━━ Input material

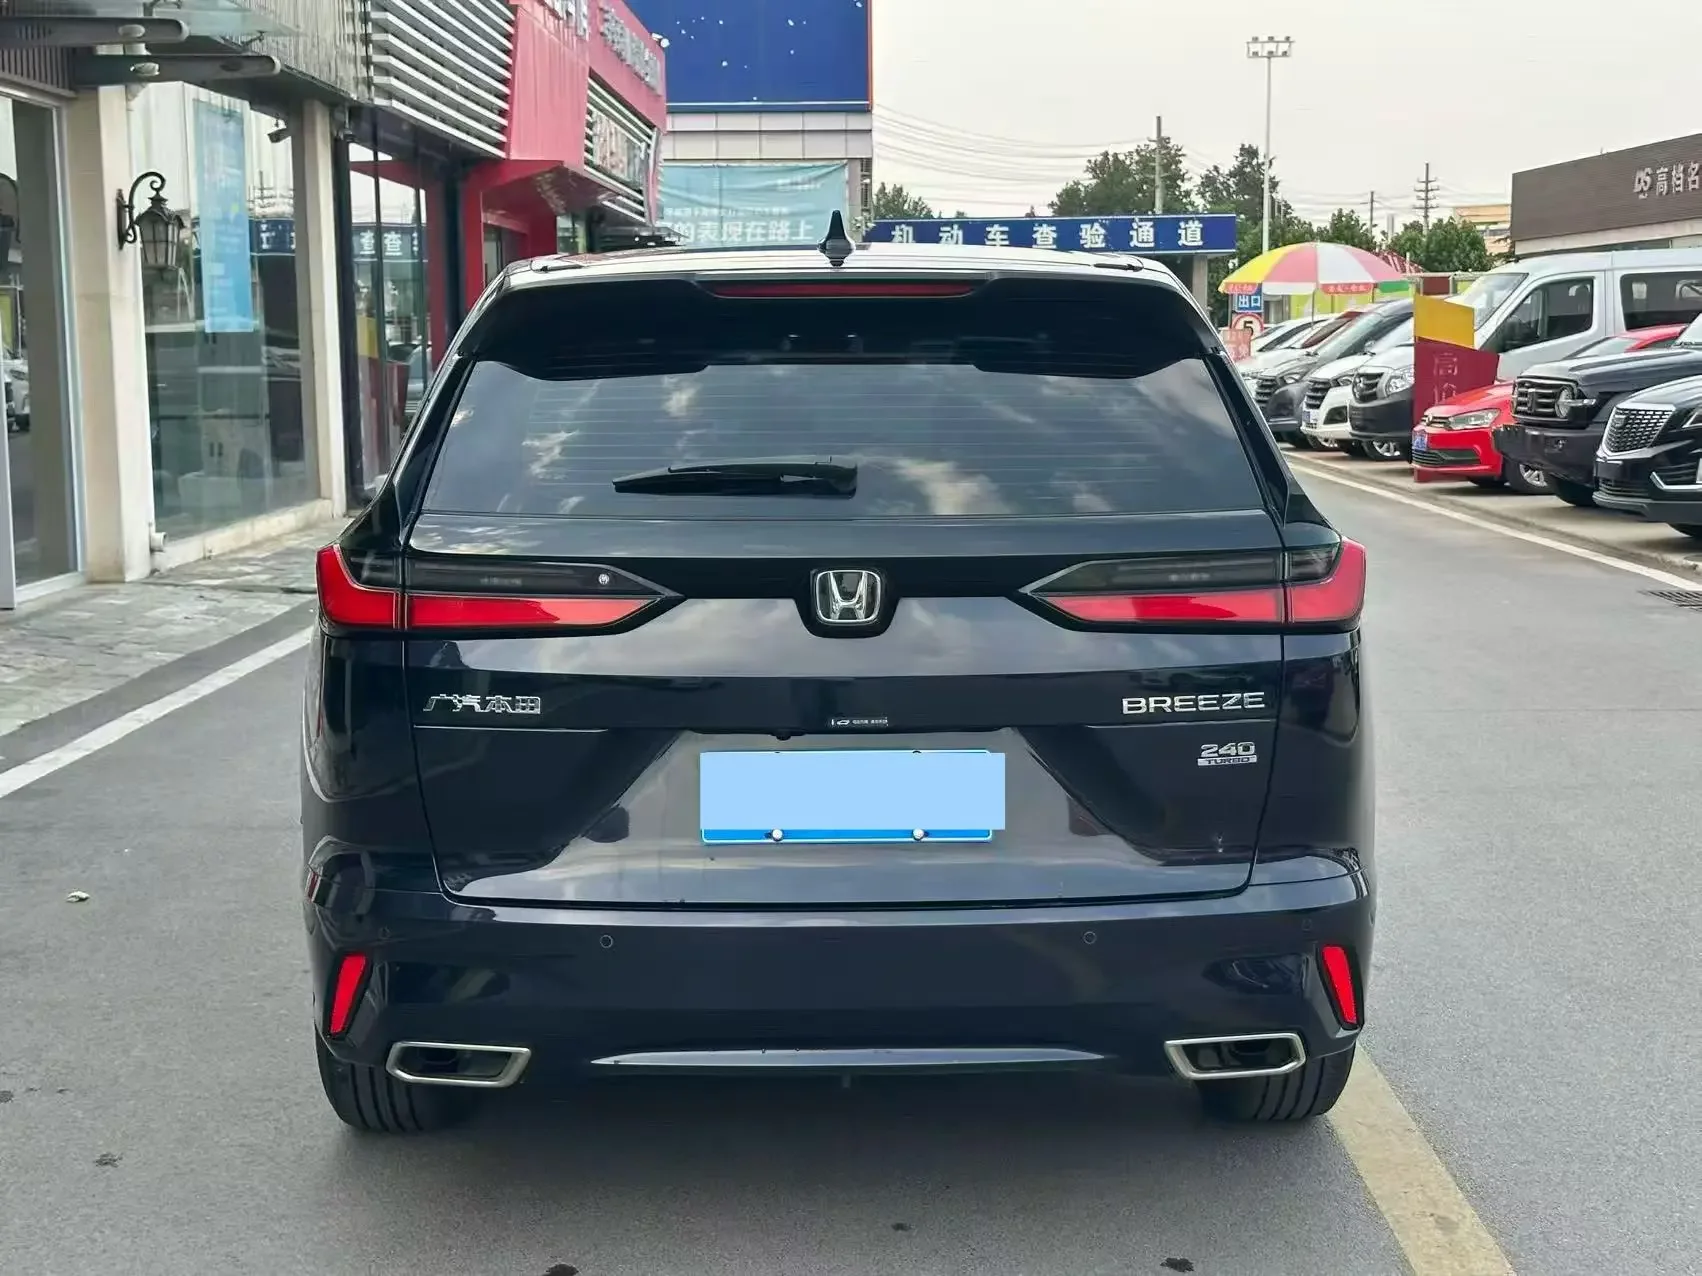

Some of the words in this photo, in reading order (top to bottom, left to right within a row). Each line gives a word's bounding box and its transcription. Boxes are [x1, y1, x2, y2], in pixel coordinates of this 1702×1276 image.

[891, 220, 1203, 249] 机动车查验通道
[1238, 295, 1261, 308] 出口
[1243, 320, 1254, 336] 5
[423, 694, 541, 714] 广汽本田
[1122, 691, 1266, 714] BREEZE
[1200, 741, 1256, 757] 240
[1204, 756, 1252, 765] TURBO

━━━━

What you will do:
Would it be possible to reproduce the material word for word, images omitted?

Output below:
Some of the words in this photo, in reading order (top to bottom, left to right within a row). Each line gives a word's bounding box and its transcription. Boxes are [x1, y1, x2, y2], in pixel coordinates of this 1702×1276 image.

[891, 220, 1203, 249] 机动车查验通道
[1238, 295, 1261, 308] 出口
[1243, 320, 1254, 336] 5
[423, 694, 541, 714] 广汽本田
[1122, 691, 1266, 714] BREEZE
[1200, 741, 1256, 757] 240
[1204, 756, 1252, 765] TURBO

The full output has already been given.